Please, if you have some time take a listen.

http://www.npr.org/templates/story/story.php?storyId=8992128

Click the link "Listen" under the title.
 

sanjuro

Tube Smuggler
Sep 13, 2004
17,373
0
SF
I thought Blackwater was based in Berkeley, owned by an ex-deadhead who is expanding his bakery by supplying security and military agents.

Blackwater is actually owned a southern Christian?
 

stosh

Darth Bailer
Jul 20, 2001
22,248
408
NY
I thought Blackwater was based in Berkeley, owned by an ex-deadhead who is expanding his bakery by supplying security and military agents.

Blackwater is actually owned a southern Christian?
I think he was originally from Michigan but the training facility is based out of NC.
 

sanjuro

Tube Smuggler
Sep 13, 2004
17,373
0
SF
I apologize for my sarcasm. However, I have a strong belief that there are many things which occur during a war that none of us want to know about, and in the light of day, seem horrific.
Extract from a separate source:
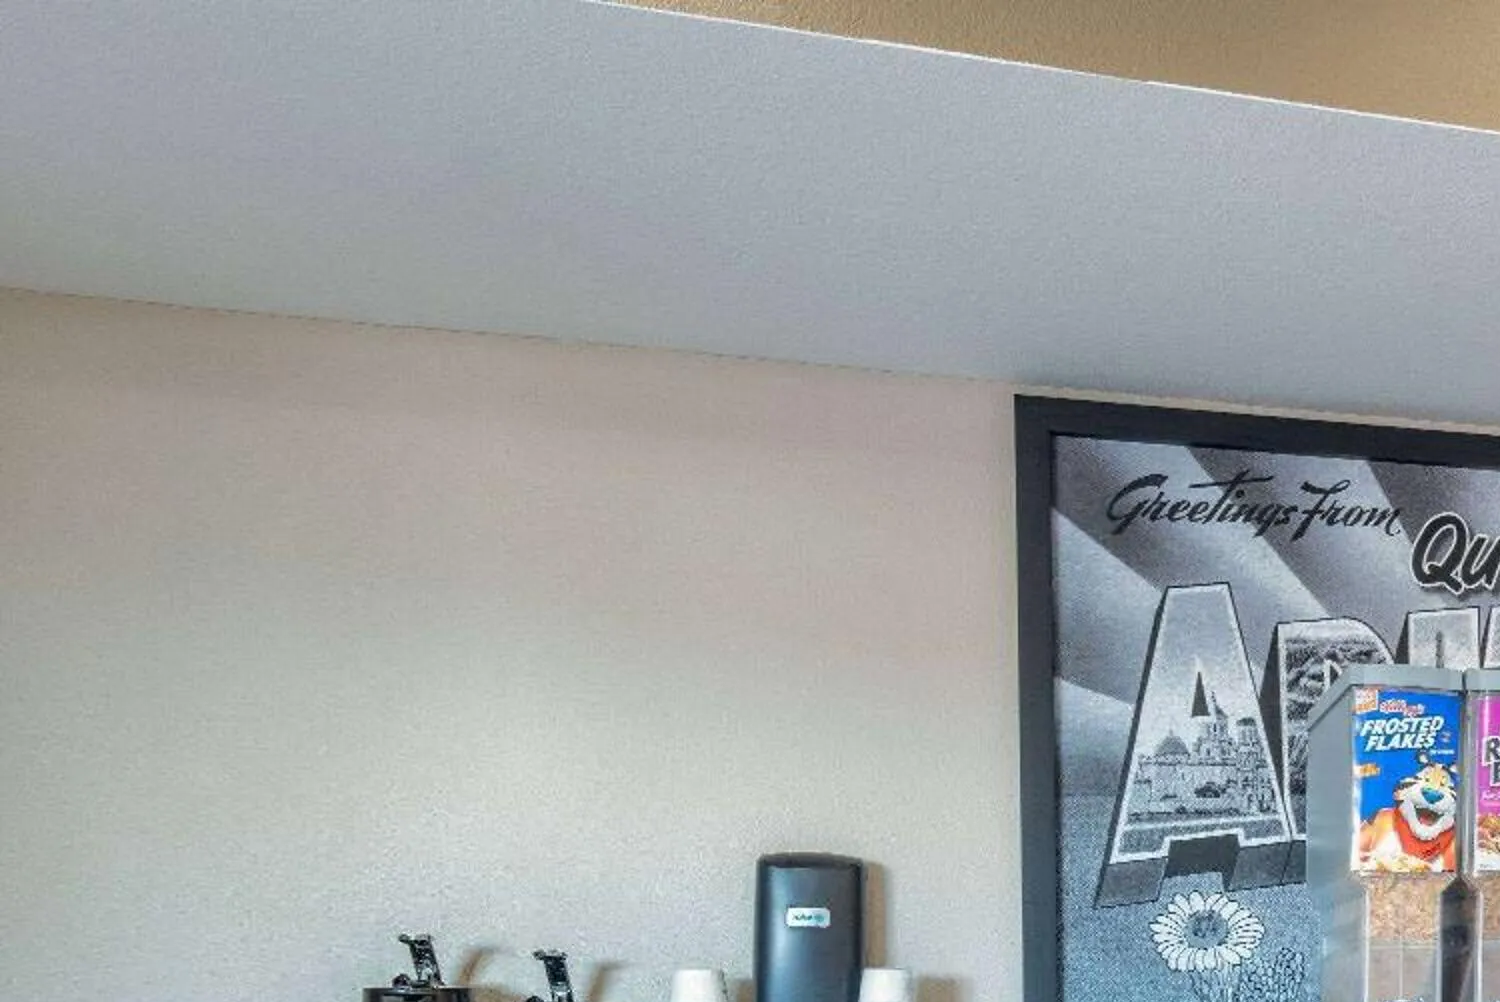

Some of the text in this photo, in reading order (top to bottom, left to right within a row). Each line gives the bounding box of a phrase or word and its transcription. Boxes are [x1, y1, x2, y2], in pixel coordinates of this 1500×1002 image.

I was previously familiar with Blackwater, and I expected a private mercenary service to flourish in the Iraqi war, given the large job ahead. I don't think Blackwater is making widescale attacks, but I am not surprised they have traded gunfire in their "protective" services.

Frankly, when I see the NPR headline is "Blackwater USA is a secret army based in North Carolina with a sole owner: Erik Prince, a radical right-wing Christian multimillionaire.", I am going to knee-jerk, just in the opposite direction.
 

stosh

Darth Bailer
Jul 20, 2001
22,248
408
NY
I can understand the hiring of out sourcing for some security details in Iraq. The thing that worries me is that they don't fall under any U.S. or military laws. The other thing that scares me is their work continues in the US. Personally the idea that you can say "things which occur during a war that none of us want to know about," is frightening. Imagine if this was the case at the end of WWII?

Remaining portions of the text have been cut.